* **Task item**: Leaving out any pictures, transcribe every record exactly.

* **Source data**:
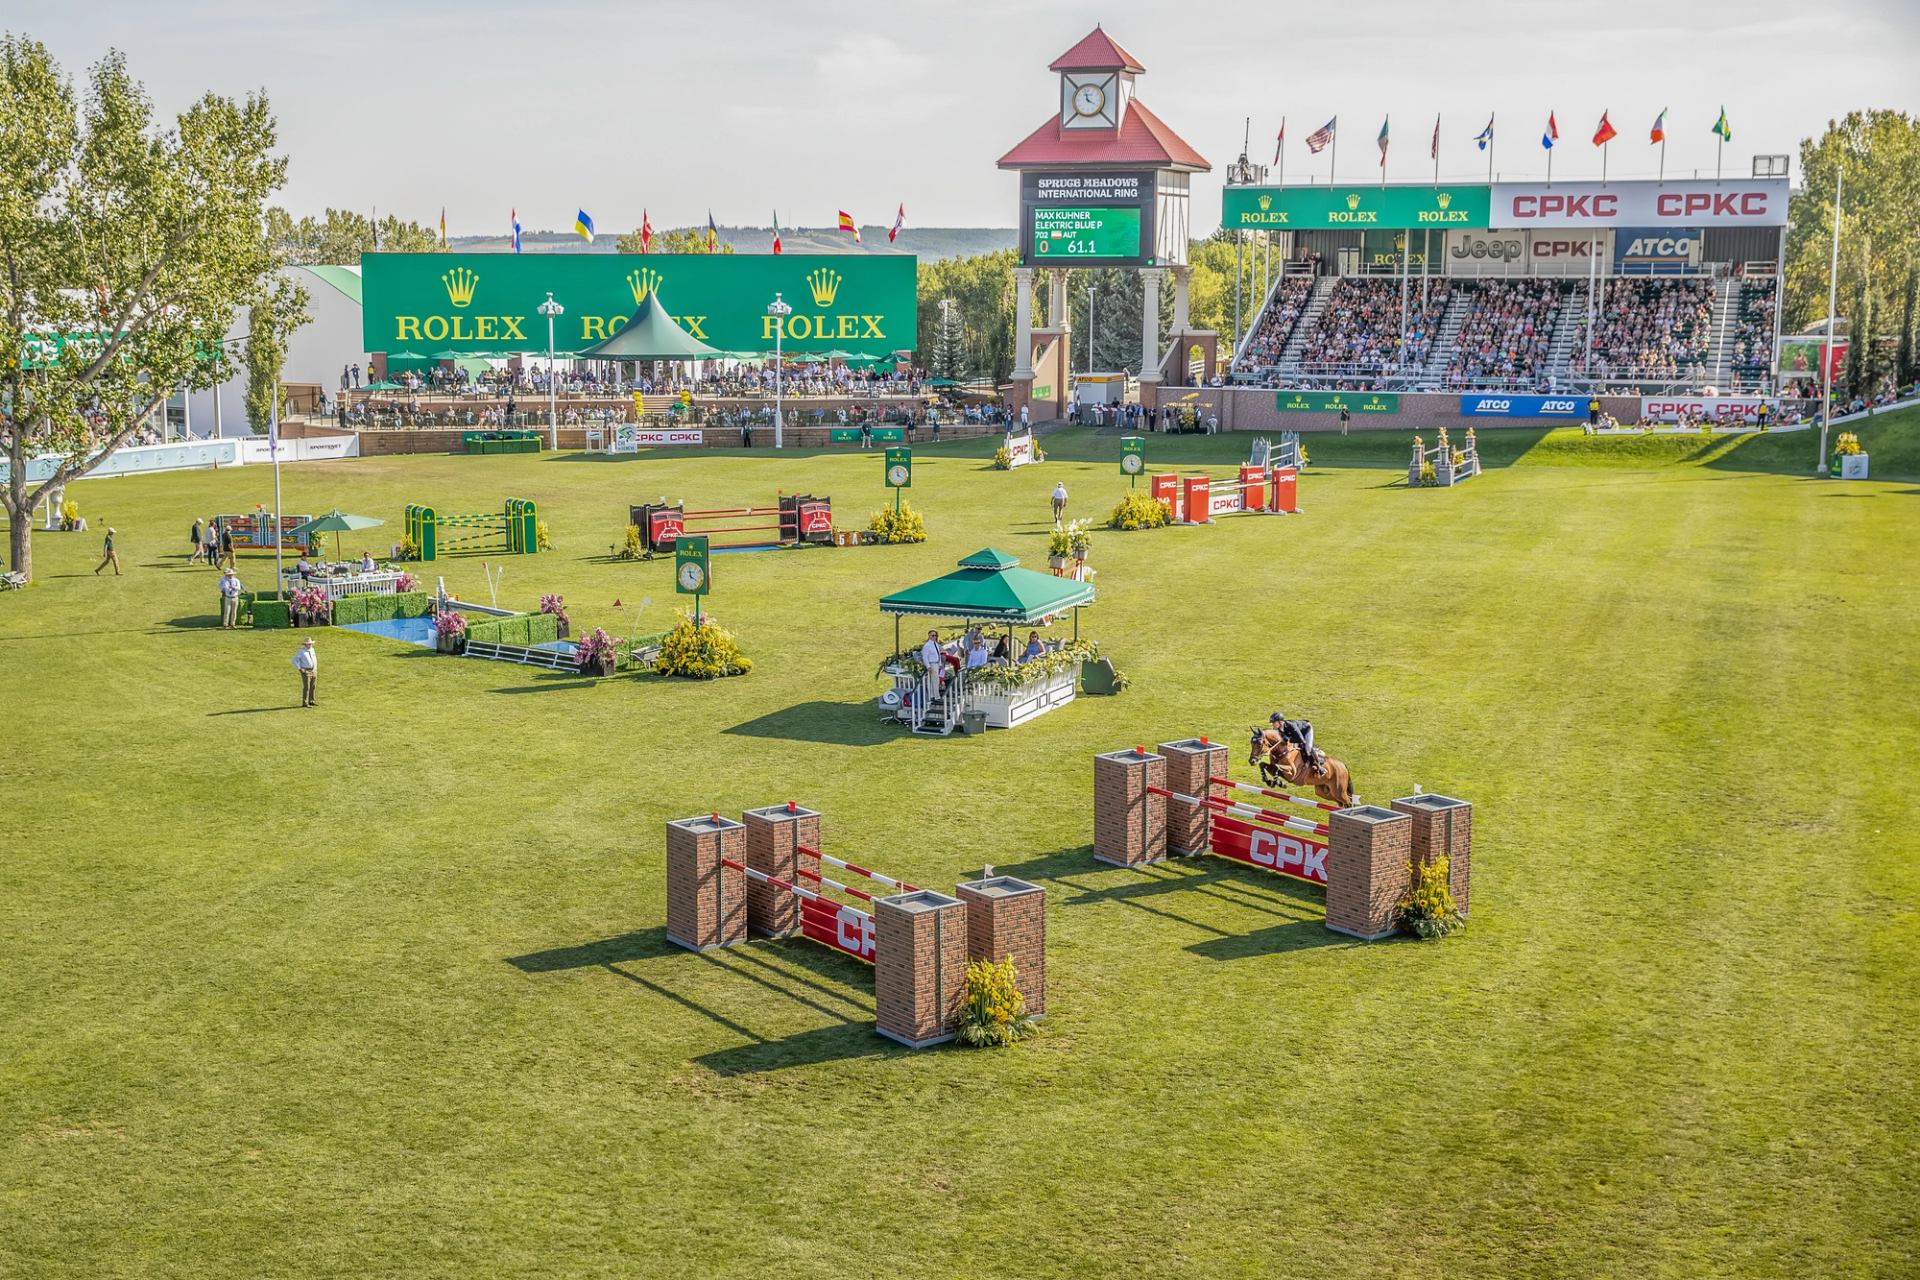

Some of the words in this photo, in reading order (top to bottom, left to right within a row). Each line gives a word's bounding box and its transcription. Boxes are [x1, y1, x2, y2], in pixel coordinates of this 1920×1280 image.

[1038, 178, 1081, 188] SPRUCE
[1083, 178, 1138, 187] MEADOWS
[1038, 189, 1112, 198] INTERNATIONAL
[1114, 188, 1138, 197] RING
[1513, 195, 1617, 217] CPKC
[1657, 193, 1768, 216] CPKC
[1035, 211, 1054, 219] MAX
[1055, 211, 1090, 219] KUHNER
[1241, 212, 1288, 223] ROLEX
[1328, 211, 1377, 222] ROLEX
[1418, 211, 1468, 222] ROLEX
[1035, 221, 1073, 229] ELEKTRIC
[1075, 221, 1096, 229] BLUE
[1096, 221, 1103, 229] P
[1035, 231, 1048, 239] 702
[1067, 240, 1096, 253] 61.1
[1451, 235, 1522, 263] Jeep
[1625, 238, 1691, 256] ATCO
[1374, 254, 1426, 265] ROEX
[395, 315, 528, 340] ROLEX
[580, 315, 709, 340] ROX
[761, 315, 887, 340] ROLEX
[1477, 400, 1510, 409] ATCO
[1541, 401, 1575, 410] ATCO
[1648, 403, 1703, 415] CPKC
[1716, 404, 1758, 416] CPK
[669, 433, 700, 441] CPKC
[1247, 472, 1264, 480] CPKC
[1213, 498, 1240, 510] CPKC
[1250, 829, 1328, 881] CPK

* **Reply**:
Some of the words in this photo, in reading order (top to bottom, left to right within a row). Each line gives a word's bounding box and its transcription. Boxes are [x1, y1, x2, y2], in pixel coordinates of this 1920×1280 image.

[1038, 178, 1081, 188] SPRUCE
[1083, 178, 1138, 187] MEADOWS
[1038, 189, 1112, 198] INTERNATIONAL
[1114, 188, 1138, 197] RING
[1513, 195, 1617, 217] CPKC
[1657, 193, 1768, 216] CPKC
[1035, 211, 1054, 219] MAX
[1055, 211, 1090, 219] KUHNER
[1241, 212, 1288, 223] ROLEX
[1328, 211, 1377, 222] ROLEX
[1418, 211, 1468, 222] ROLEX
[1035, 221, 1073, 229] ELEKTRIC
[1075, 221, 1096, 229] BLUE
[1096, 221, 1103, 229] P
[1035, 231, 1048, 239] 702
[1067, 240, 1096, 253] 61.1
[1451, 235, 1522, 263] Jeep
[1625, 238, 1691, 256] ATCO
[1374, 254, 1426, 265] ROEX
[395, 315, 528, 340] ROLEX
[580, 315, 709, 340] ROX
[761, 315, 887, 340] ROLEX
[1477, 400, 1510, 409] ATCO
[1541, 401, 1575, 410] ATCO
[1648, 403, 1703, 415] CPKC
[1716, 404, 1758, 416] CPK
[669, 433, 700, 441] CPKC
[1247, 472, 1264, 480] CPKC
[1213, 498, 1240, 510] CPKC
[1250, 829, 1328, 881] CPK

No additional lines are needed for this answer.